##### SUPPLIED MATERIAL

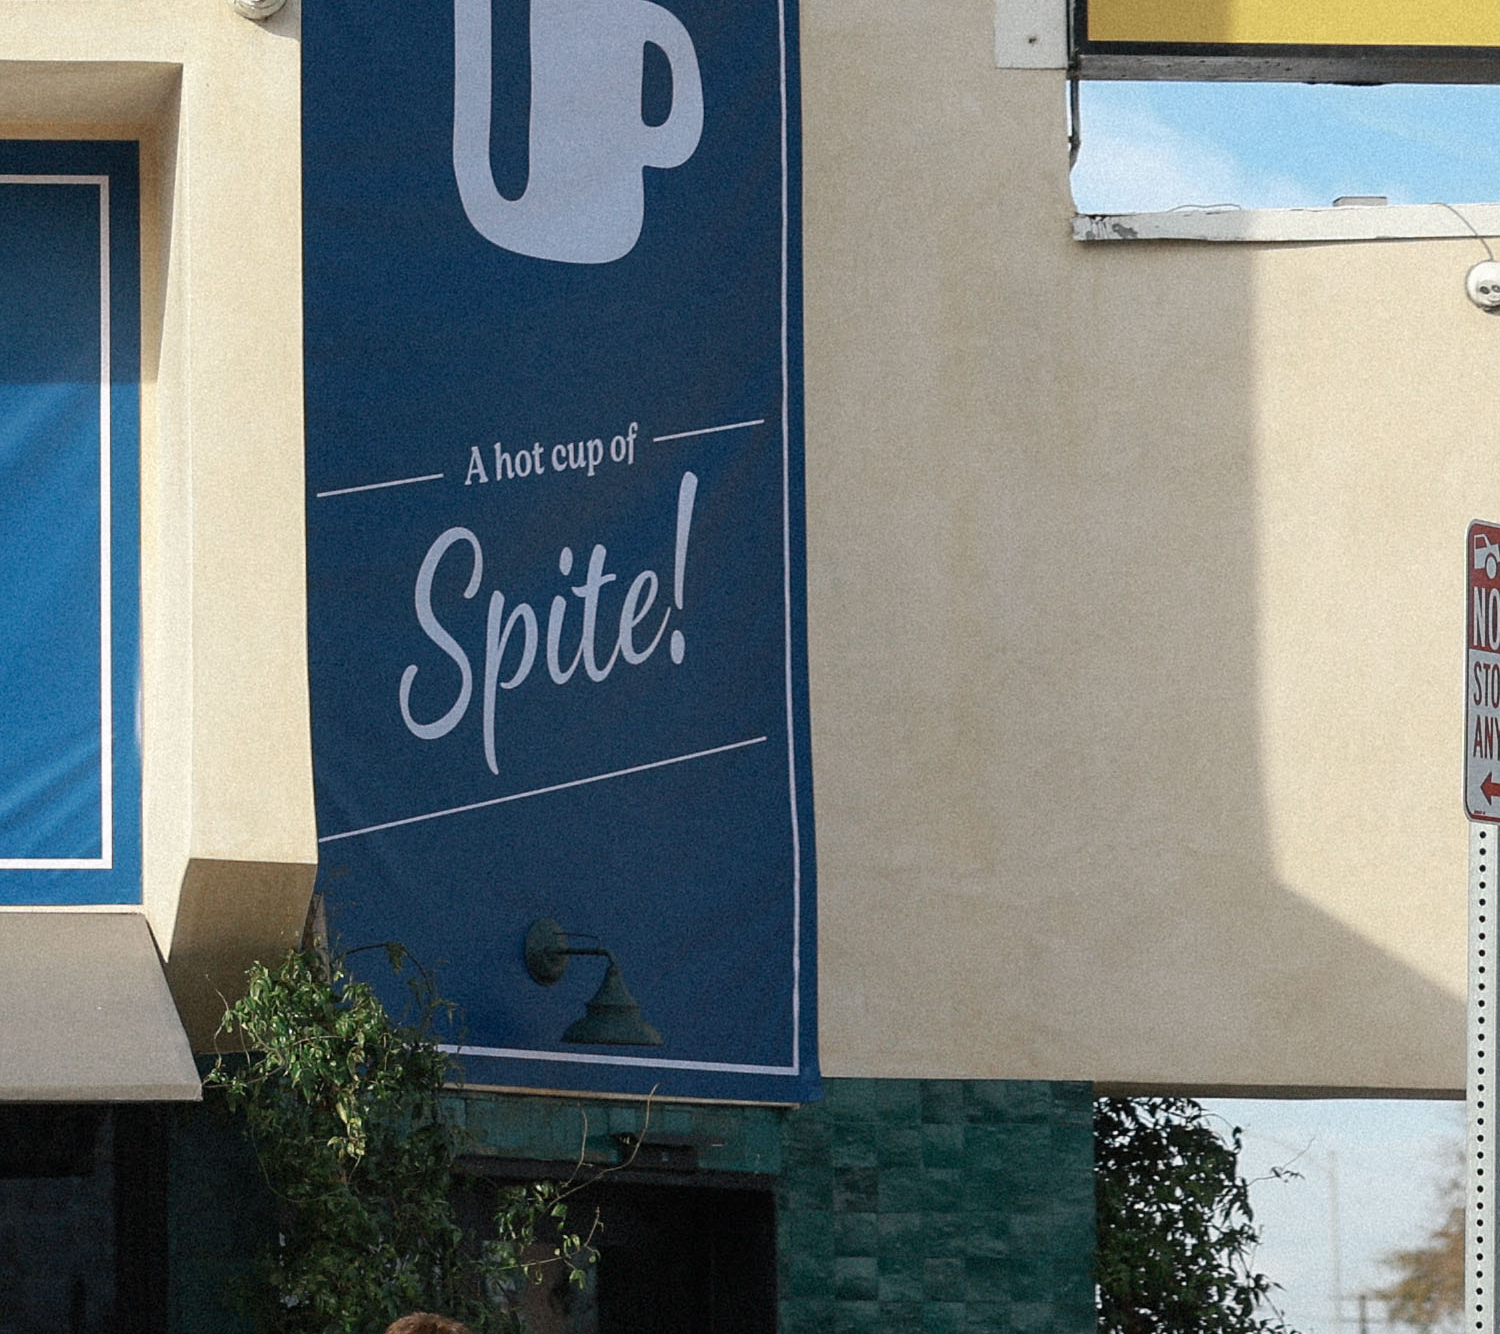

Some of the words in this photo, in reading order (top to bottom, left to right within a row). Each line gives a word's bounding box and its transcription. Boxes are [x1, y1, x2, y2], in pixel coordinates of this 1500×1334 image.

[464, 446, 489, 485] A
[494, 442, 545, 481] hot
[552, 438, 603, 477] cup
[610, 422, 639, 465] of
[399, 471, 698, 775] Spite!
[1473, 586, 1500, 651] NO
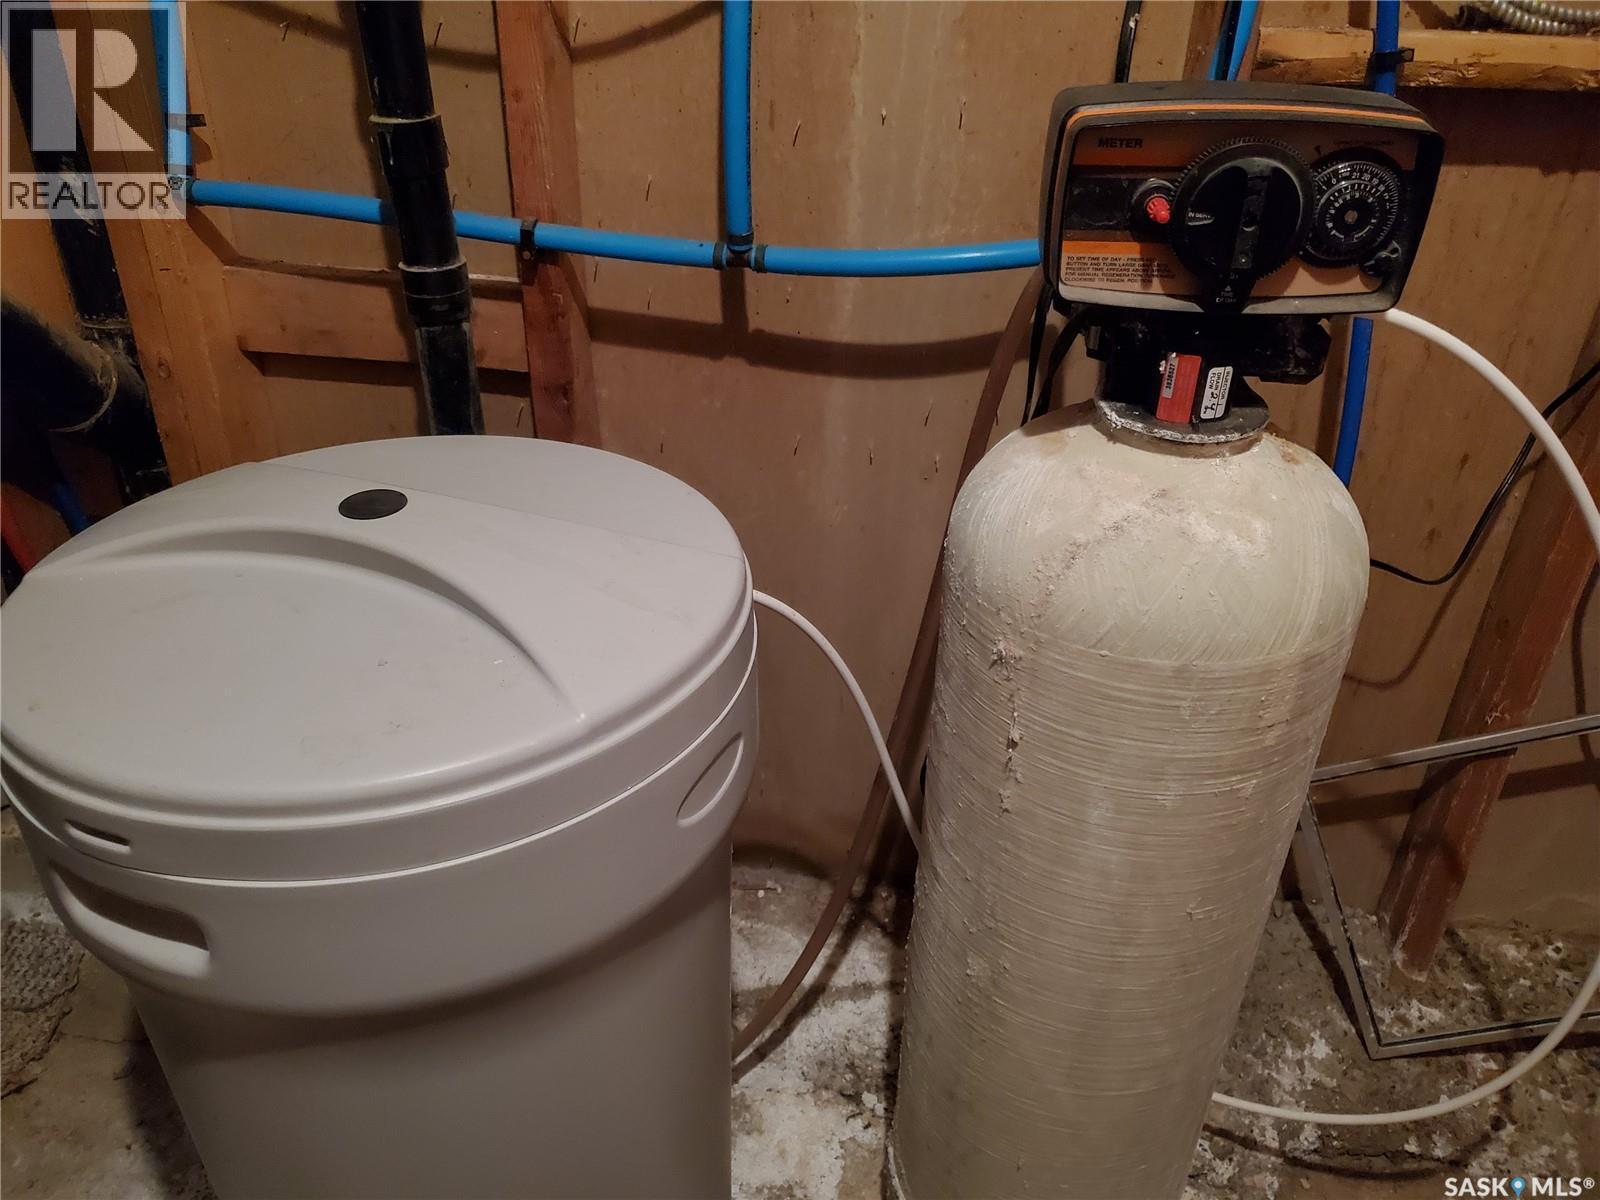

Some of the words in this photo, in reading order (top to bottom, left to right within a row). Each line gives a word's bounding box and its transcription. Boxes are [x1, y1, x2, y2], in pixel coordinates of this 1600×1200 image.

[1098, 138, 1143, 148] METER
[1208, 372, 1217, 390] FLOW
[1213, 371, 1222, 391] DRAIN
[1220, 370, 1231, 400] INJECTOR

##########

WHAT YOU ARE ASKED TO DO
Retype, exactly and only, the lines running from the one with "this 1600×1200 image." through the final line of the listing above.

EXPECTED OUTPUT
Some of the words in this photo, in reading order (top to bottom, left to right within a row). Each line gives a word's bounding box and its transcription. Boxes are [x1, y1, x2, y2], in pixel coordinates of this 1600×1200 image.

[1098, 138, 1143, 148] METER
[1208, 372, 1217, 390] FLOW
[1213, 371, 1222, 391] DRAIN
[1220, 370, 1231, 400] INJECTOR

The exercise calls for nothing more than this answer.